Task directions.
Without changing a word, repeat the data, and include no pictures.

Data extract.
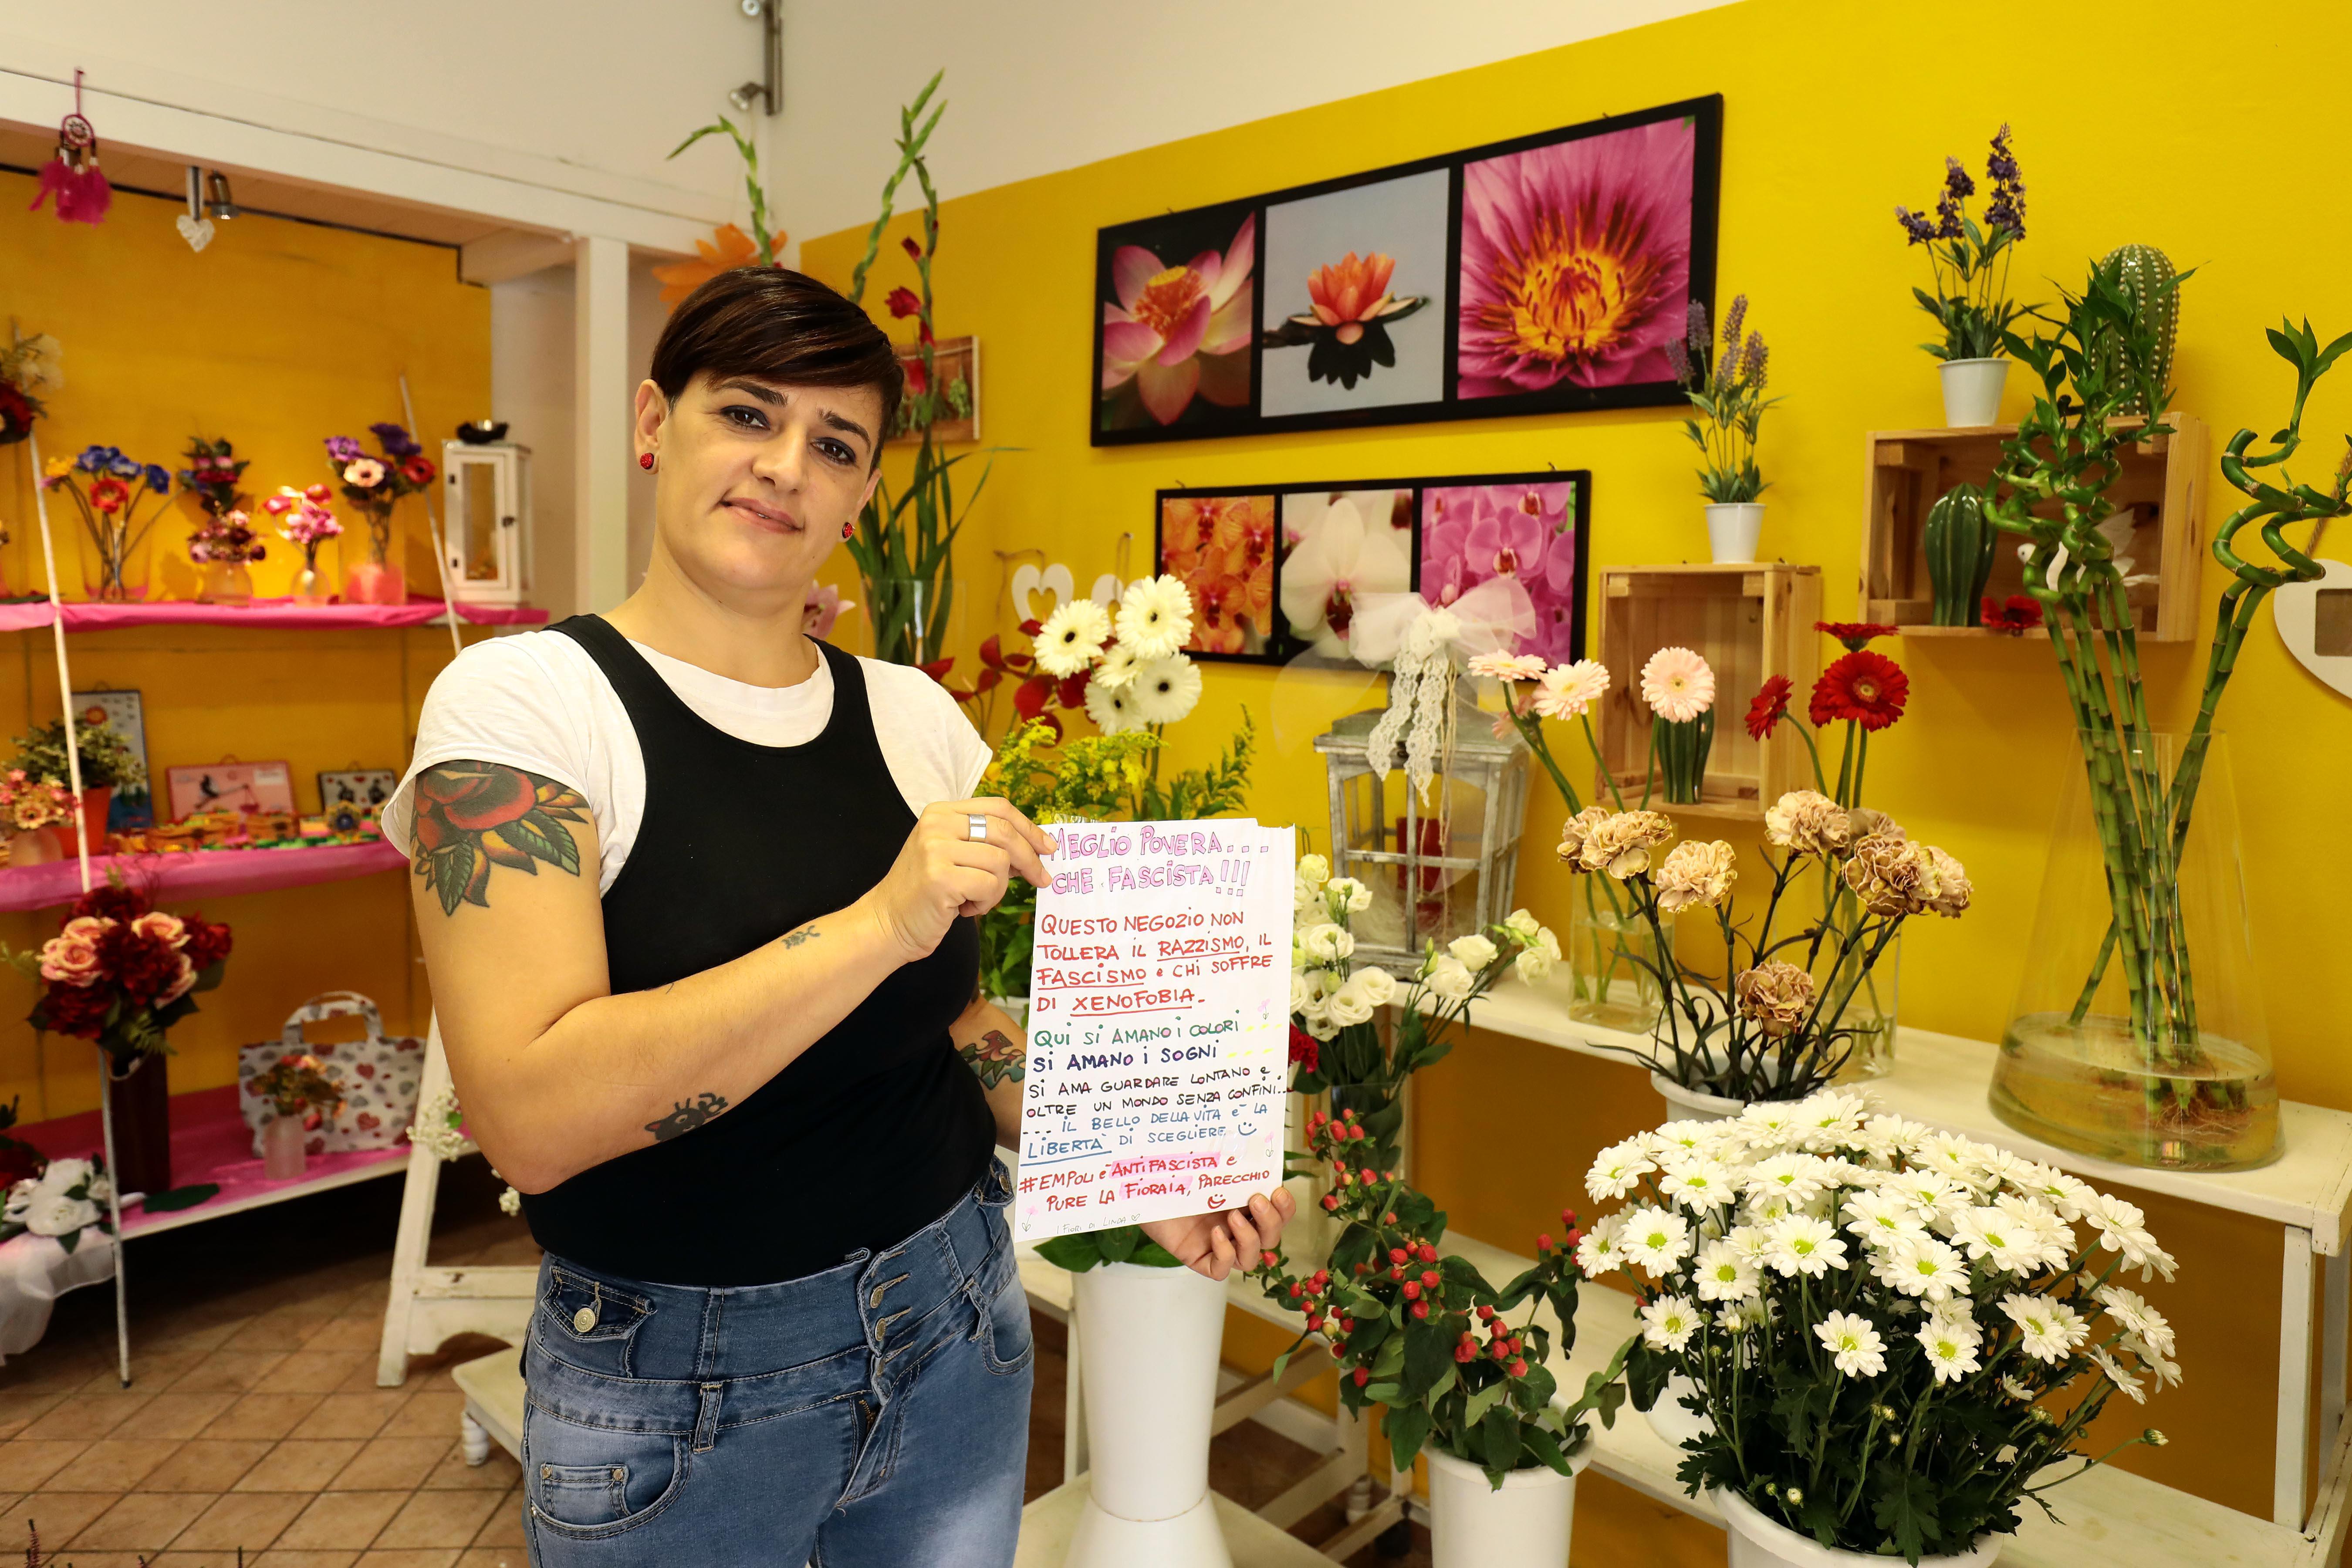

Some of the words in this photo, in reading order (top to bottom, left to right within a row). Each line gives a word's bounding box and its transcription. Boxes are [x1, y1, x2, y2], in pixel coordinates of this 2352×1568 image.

[1052, 868, 1093, 894] CHE
[1041, 914, 1117, 936] QUESTO
[1124, 907, 1204, 932] NEGOZIO
[1211, 911, 1244, 926] NON
[1037, 945, 1119, 960] TOLLERA
[1259, 933, 1272, 946] IL
[1036, 963, 1146, 987] FASCISMO
[1173, 959, 1200, 977] CHI
[1211, 955, 1273, 973] SOFFRE
[1037, 997, 1055, 1012] DI
[1034, 1022, 1072, 1048] QUI
[1112, 1027, 1172, 1044] AMANO
[1067, 1052, 1133, 1071] AMANO
[1058, 1082, 1092, 1095] AMA
[1101, 1077, 1179, 1092] GUARDARE
[1190, 1067, 1250, 1085] LONTANO
[1027, 1105, 1077, 1118] OLTRE
[1094, 1101, 1112, 1112] UN
[1122, 1096, 1168, 1109] MONDO
[1177, 1092, 1220, 1105] SENZA
[1092, 1116, 1140, 1130] BELLO
[1151, 1112, 1190, 1123] DELLA
[1194, 1104, 1221, 1121] VITA
[1254, 1103, 1268, 1114] LA
[1119, 1127, 1134, 1145] DI
[1019, 1171, 1094, 1193] #EMPOLI
[1112, 1151, 1219, 1177] ANTIFASCISTA
[1046, 1195, 1087, 1212] PURE
[1099, 1190, 1115, 1204] LA
[1198, 1170, 1270, 1190] PARECCHIO
[1063, 1223, 1081, 1233] FIORI
[1103, 1217, 1126, 1226] LINDA
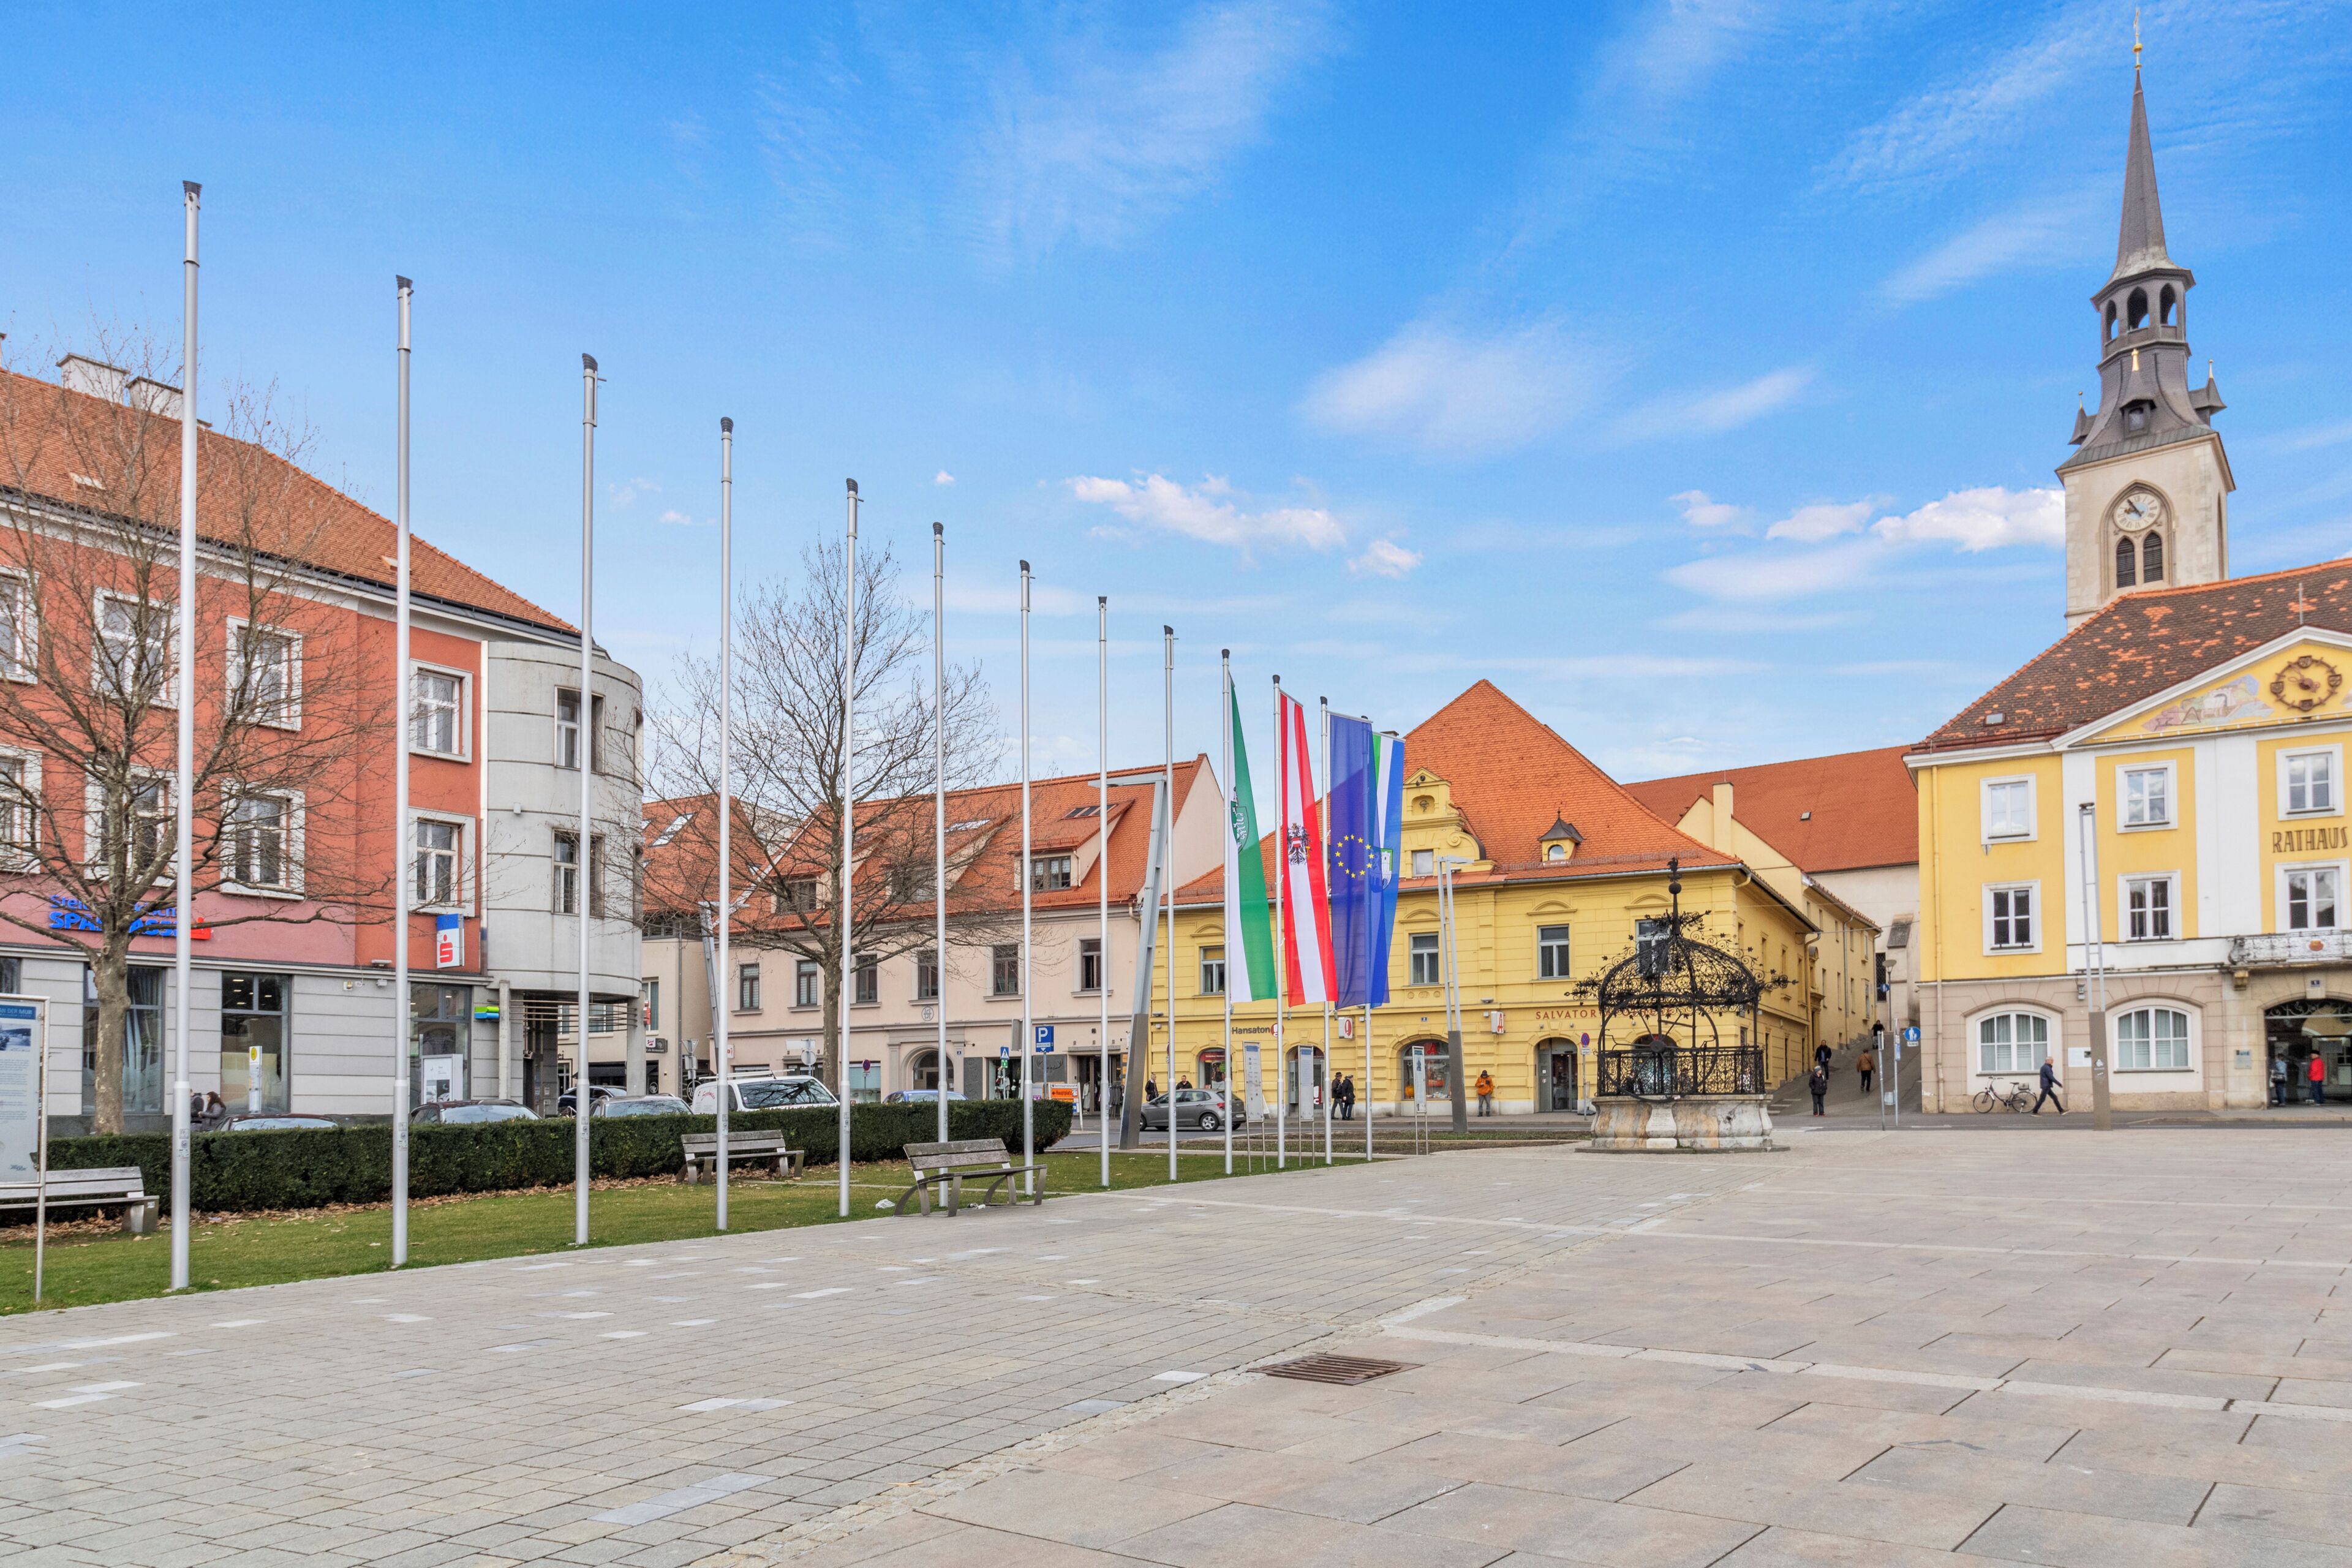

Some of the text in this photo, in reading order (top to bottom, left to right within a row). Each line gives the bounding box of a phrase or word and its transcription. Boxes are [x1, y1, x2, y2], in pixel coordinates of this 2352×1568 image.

[2272, 826, 2348, 853] RATHAUS
[1536, 1009, 1597, 1020] SALVATOR
[1038, 1027, 1048, 1042] P
[1232, 1026, 1270, 1035] Hansaton

Exercise output.
Some of the words in this photo, in reading order (top to bottom, left to right within a row). Each line gives a word's bounding box and its transcription. Boxes are [x1, y1, x2, y2], in pixel coordinates of this 2352×1568 image.

[1052, 868, 1093, 894] CHE
[1041, 914, 1117, 936] QUESTO
[1124, 907, 1204, 932] NEGOZIO
[1211, 911, 1244, 926] NON
[1037, 945, 1119, 960] TOLLERA
[1259, 933, 1272, 946] IL
[1036, 963, 1146, 987] FASCISMO
[1173, 959, 1200, 977] CHI
[1211, 955, 1273, 973] SOFFRE
[1037, 997, 1055, 1012] DI
[1034, 1022, 1072, 1048] QUI
[1112, 1027, 1172, 1044] AMANO
[1067, 1052, 1133, 1071] AMANO
[1058, 1082, 1092, 1095] AMA
[1101, 1077, 1179, 1092] GUARDARE
[1190, 1067, 1250, 1085] LONTANO
[1027, 1105, 1077, 1118] OLTRE
[1094, 1101, 1112, 1112] UN
[1122, 1096, 1168, 1109] MONDO
[1177, 1092, 1220, 1105] SENZA
[1092, 1116, 1140, 1130] BELLO
[1151, 1112, 1190, 1123] DELLA
[1194, 1104, 1221, 1121] VITA
[1254, 1103, 1268, 1114] LA
[1119, 1127, 1134, 1145] DI
[1019, 1171, 1094, 1193] #EMPOLI
[1112, 1151, 1219, 1177] ANTIFASCISTA
[1046, 1195, 1087, 1212] PURE
[1099, 1190, 1115, 1204] LA
[1198, 1170, 1270, 1190] PARECCHIO
[1063, 1223, 1081, 1233] FIORI
[1103, 1217, 1126, 1226] LINDA

Some of the text in this photo, in reading order (top to bottom, left to right within a row). Each line gives the bounding box of a phrase or word and its transcription. Boxes are [x1, y1, x2, y2], in pixel coordinates of this 2352×1568 image.

[2272, 826, 2348, 853] RATHAUS
[1536, 1009, 1597, 1020] SALVATOR
[1038, 1027, 1048, 1042] P
[1232, 1026, 1270, 1035] Hansaton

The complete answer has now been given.